* **Exercise**:
Please keep the images out and set down the data exactly as given.

* **Supplied information**:
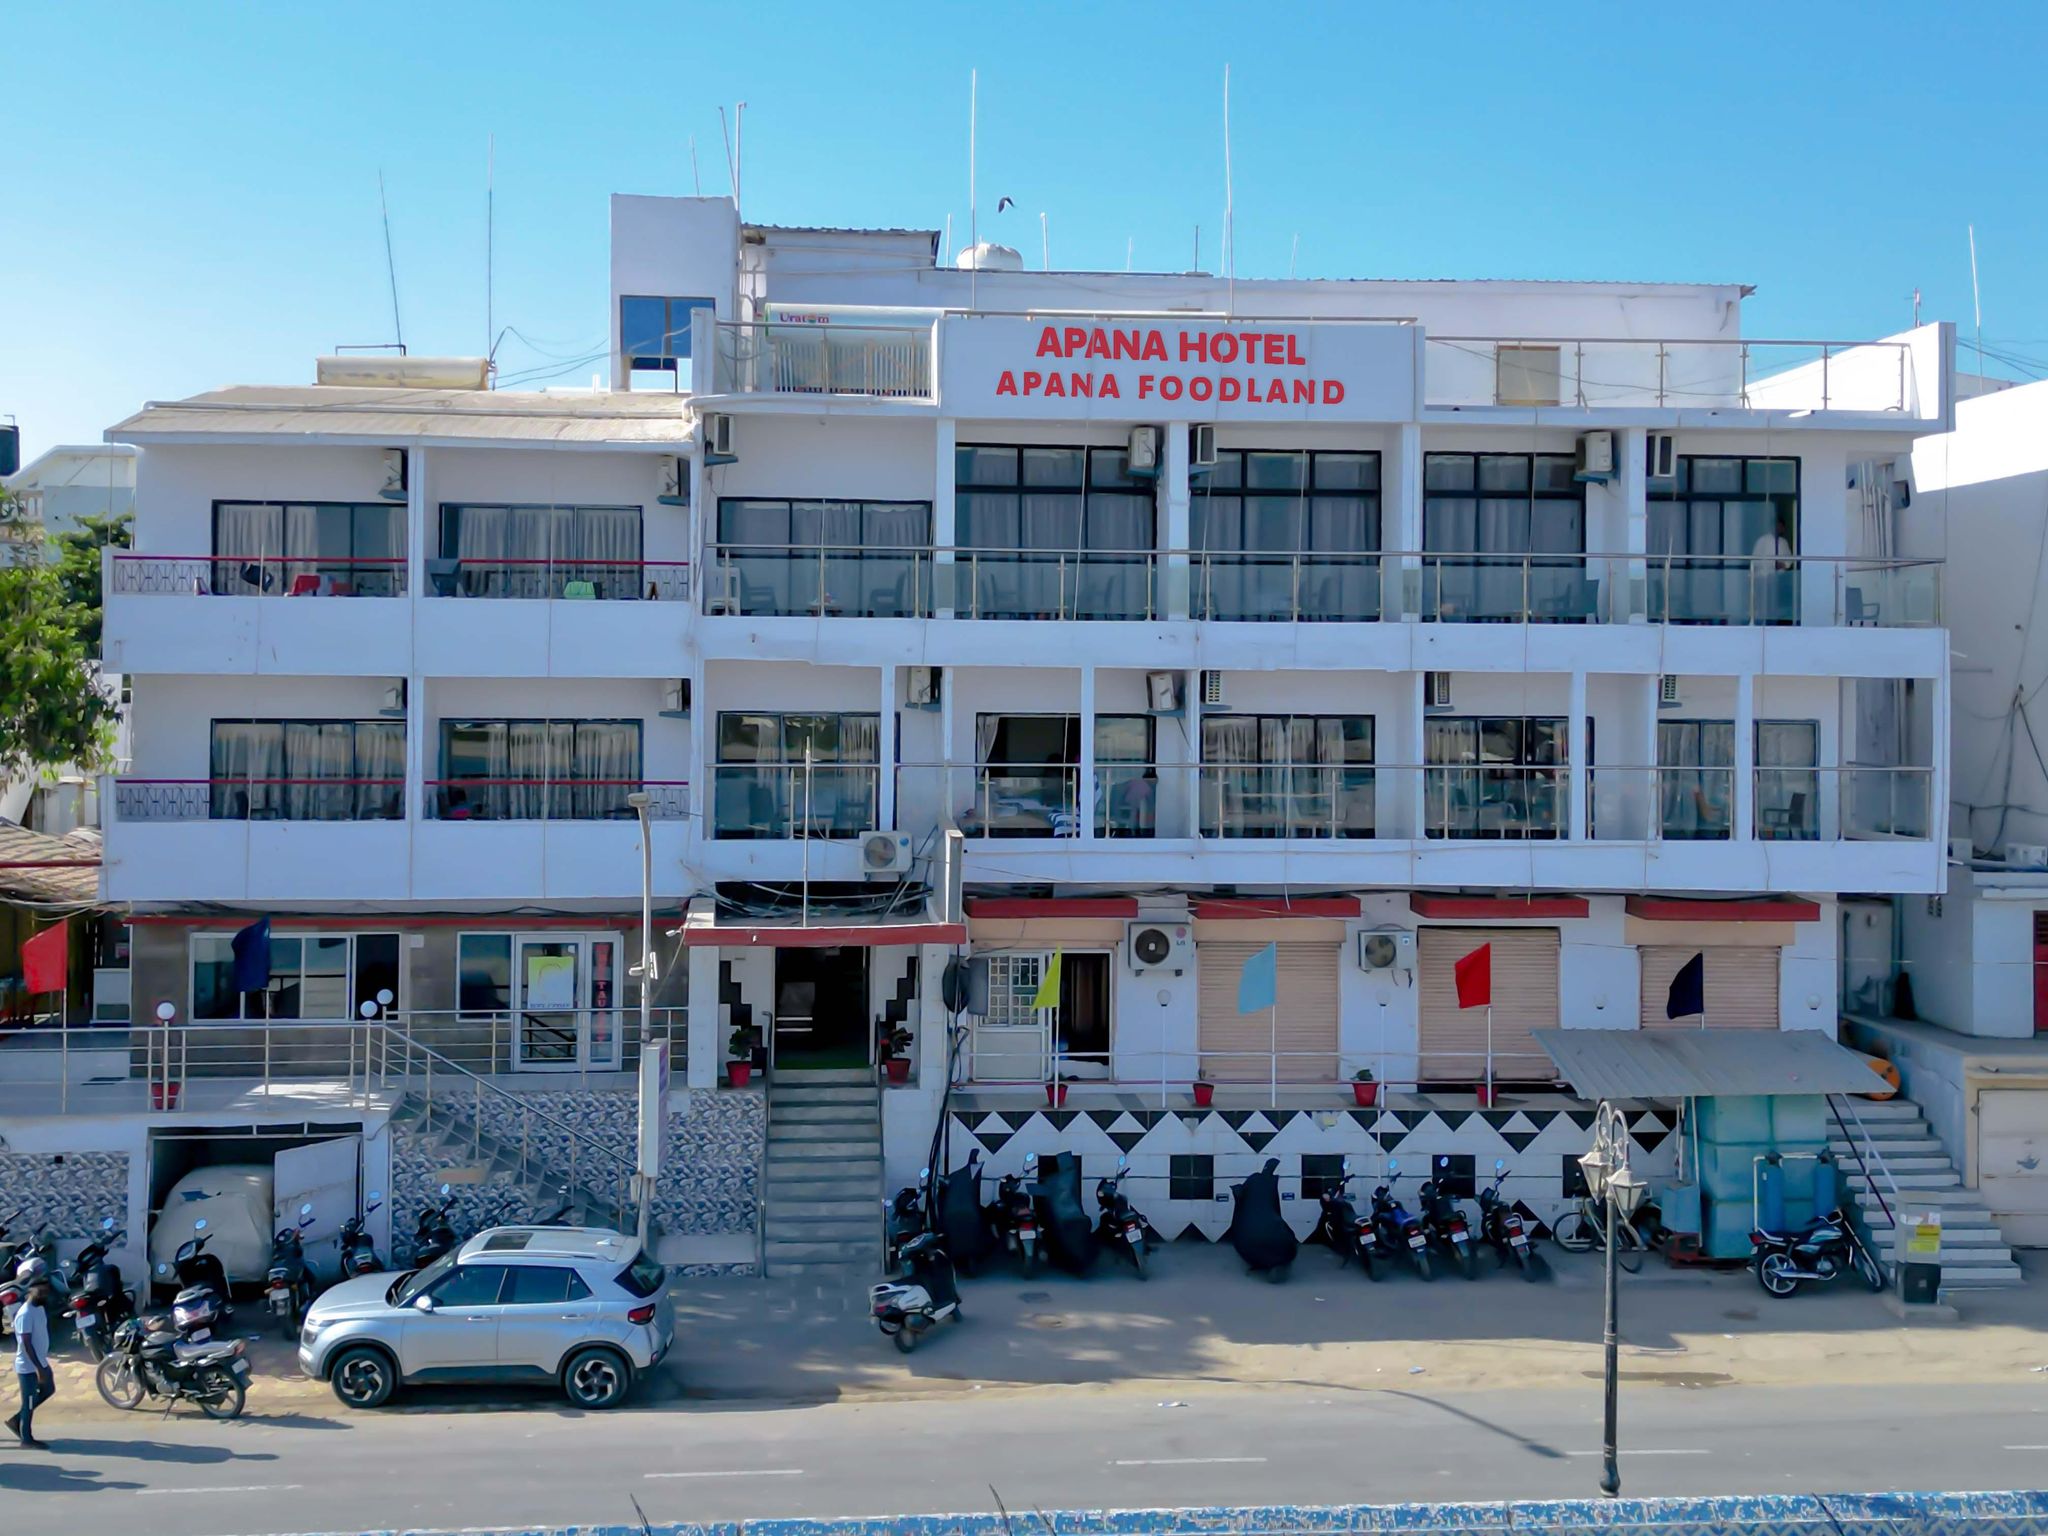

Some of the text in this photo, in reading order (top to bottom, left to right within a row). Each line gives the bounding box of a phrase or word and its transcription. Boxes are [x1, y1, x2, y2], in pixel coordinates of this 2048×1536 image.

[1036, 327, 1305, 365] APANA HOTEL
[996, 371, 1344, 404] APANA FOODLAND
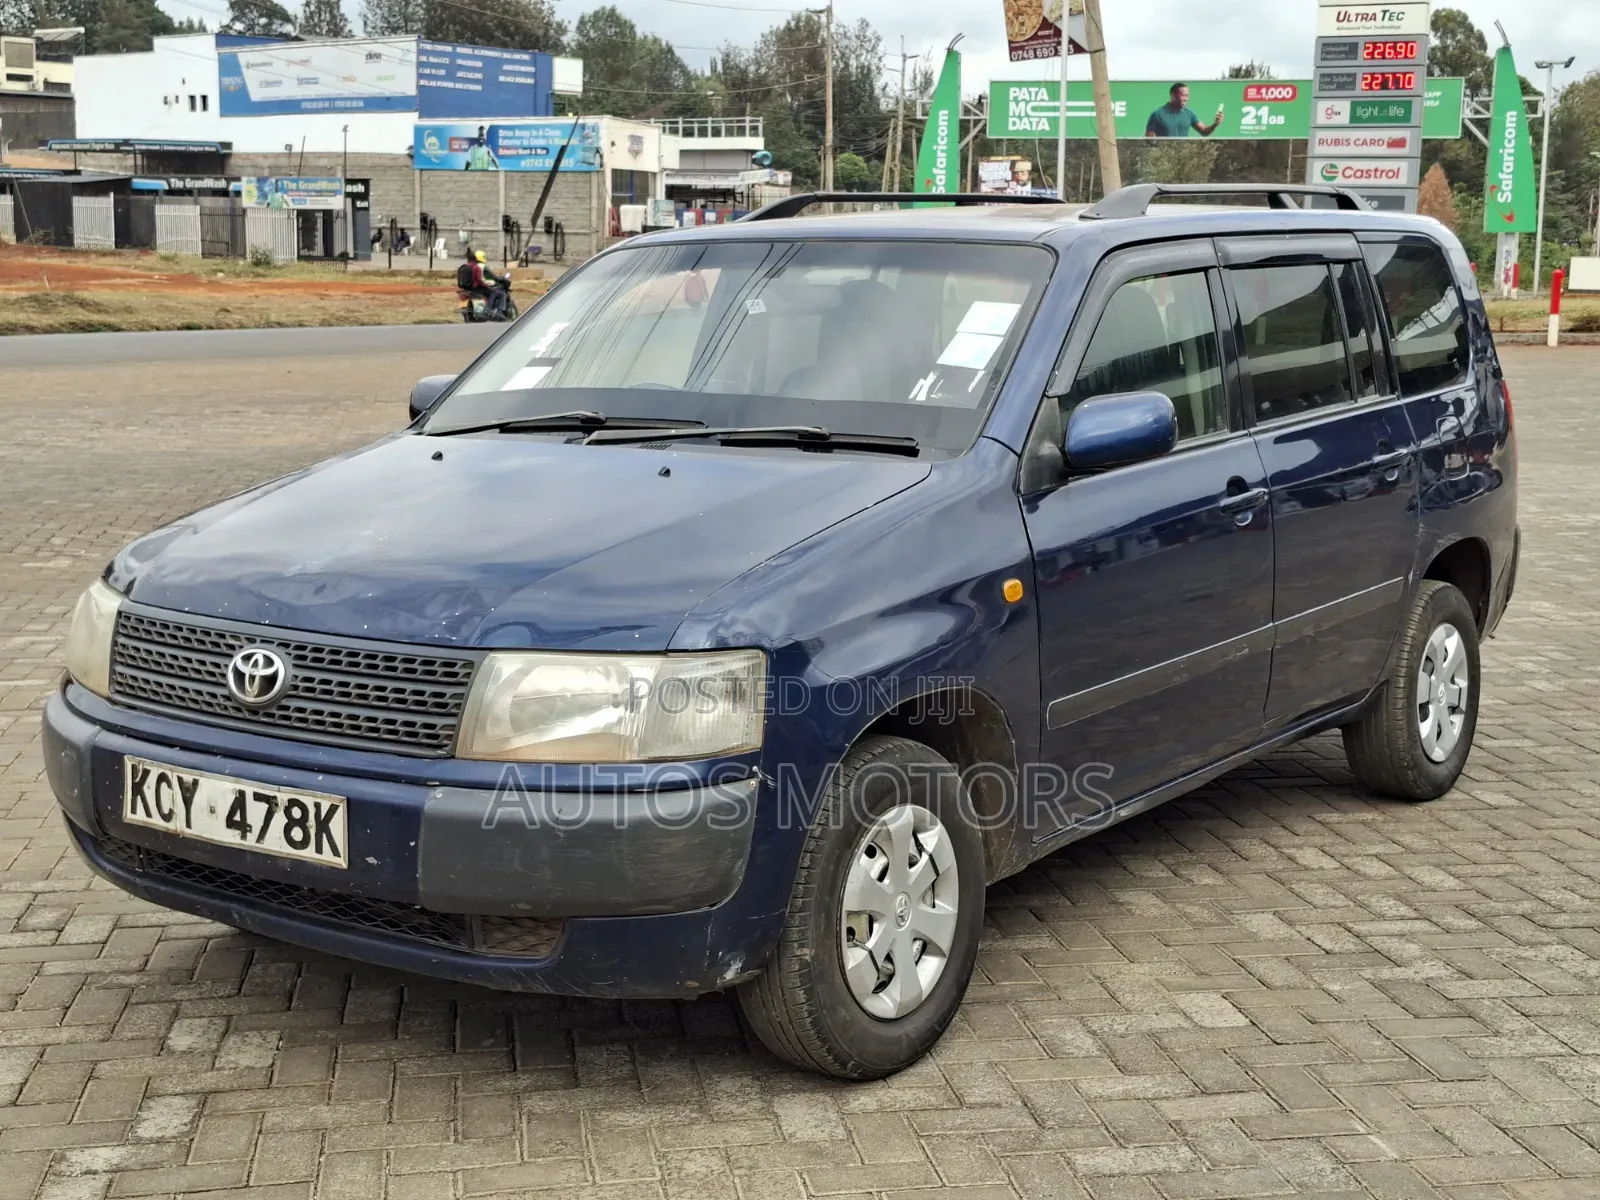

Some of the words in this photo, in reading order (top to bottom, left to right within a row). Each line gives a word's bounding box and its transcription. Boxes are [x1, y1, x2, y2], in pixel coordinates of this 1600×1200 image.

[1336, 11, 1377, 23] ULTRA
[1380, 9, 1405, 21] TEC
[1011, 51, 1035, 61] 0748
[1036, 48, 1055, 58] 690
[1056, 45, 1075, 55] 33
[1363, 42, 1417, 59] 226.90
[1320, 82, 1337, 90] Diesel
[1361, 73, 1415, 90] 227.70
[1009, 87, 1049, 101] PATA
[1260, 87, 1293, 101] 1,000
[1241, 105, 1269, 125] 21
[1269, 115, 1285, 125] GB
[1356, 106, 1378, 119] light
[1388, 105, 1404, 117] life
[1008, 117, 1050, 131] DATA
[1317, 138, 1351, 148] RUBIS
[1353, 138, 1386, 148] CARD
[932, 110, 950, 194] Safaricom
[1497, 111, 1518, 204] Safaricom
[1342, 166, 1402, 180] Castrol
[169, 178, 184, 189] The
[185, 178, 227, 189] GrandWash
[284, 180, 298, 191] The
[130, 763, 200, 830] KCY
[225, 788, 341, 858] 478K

* **Answer space**:
Some of the text in this photo, in reading order (top to bottom, left to right within a row). Each line gives the bounding box of a phrase or word and its transcription. Boxes are [x1, y1, x2, y2], in pixel coordinates of this 2048×1536 image.

[1036, 327, 1305, 365] APANA HOTEL
[996, 371, 1344, 404] APANA FOODLAND

Some of the words in this photo, in reading order (top to bottom, left to right within a row). Each line gives a word's bounding box and its transcription. Boxes are [x1, y1, x2, y2], in pixel coordinates of this 1600×1200 image.

[1336, 11, 1377, 23] ULTRA
[1380, 9, 1405, 21] TEC
[1011, 51, 1035, 61] 0748
[1036, 48, 1055, 58] 690
[1056, 45, 1075, 55] 33
[1363, 42, 1417, 59] 226.90
[1320, 82, 1337, 90] Diesel
[1361, 73, 1415, 90] 227.70
[1009, 87, 1049, 101] PATA
[1260, 87, 1293, 101] 1,000
[1241, 105, 1269, 125] 21
[1269, 115, 1285, 125] GB
[1356, 106, 1378, 119] light
[1388, 105, 1404, 117] life
[1008, 117, 1050, 131] DATA
[1317, 138, 1351, 148] RUBIS
[1353, 138, 1386, 148] CARD
[932, 110, 950, 194] Safaricom
[1497, 111, 1518, 204] Safaricom
[1342, 166, 1402, 180] Castrol
[169, 178, 184, 189] The
[185, 178, 227, 189] GrandWash
[284, 180, 298, 191] The
[130, 763, 200, 830] KCY
[225, 788, 341, 858] 478K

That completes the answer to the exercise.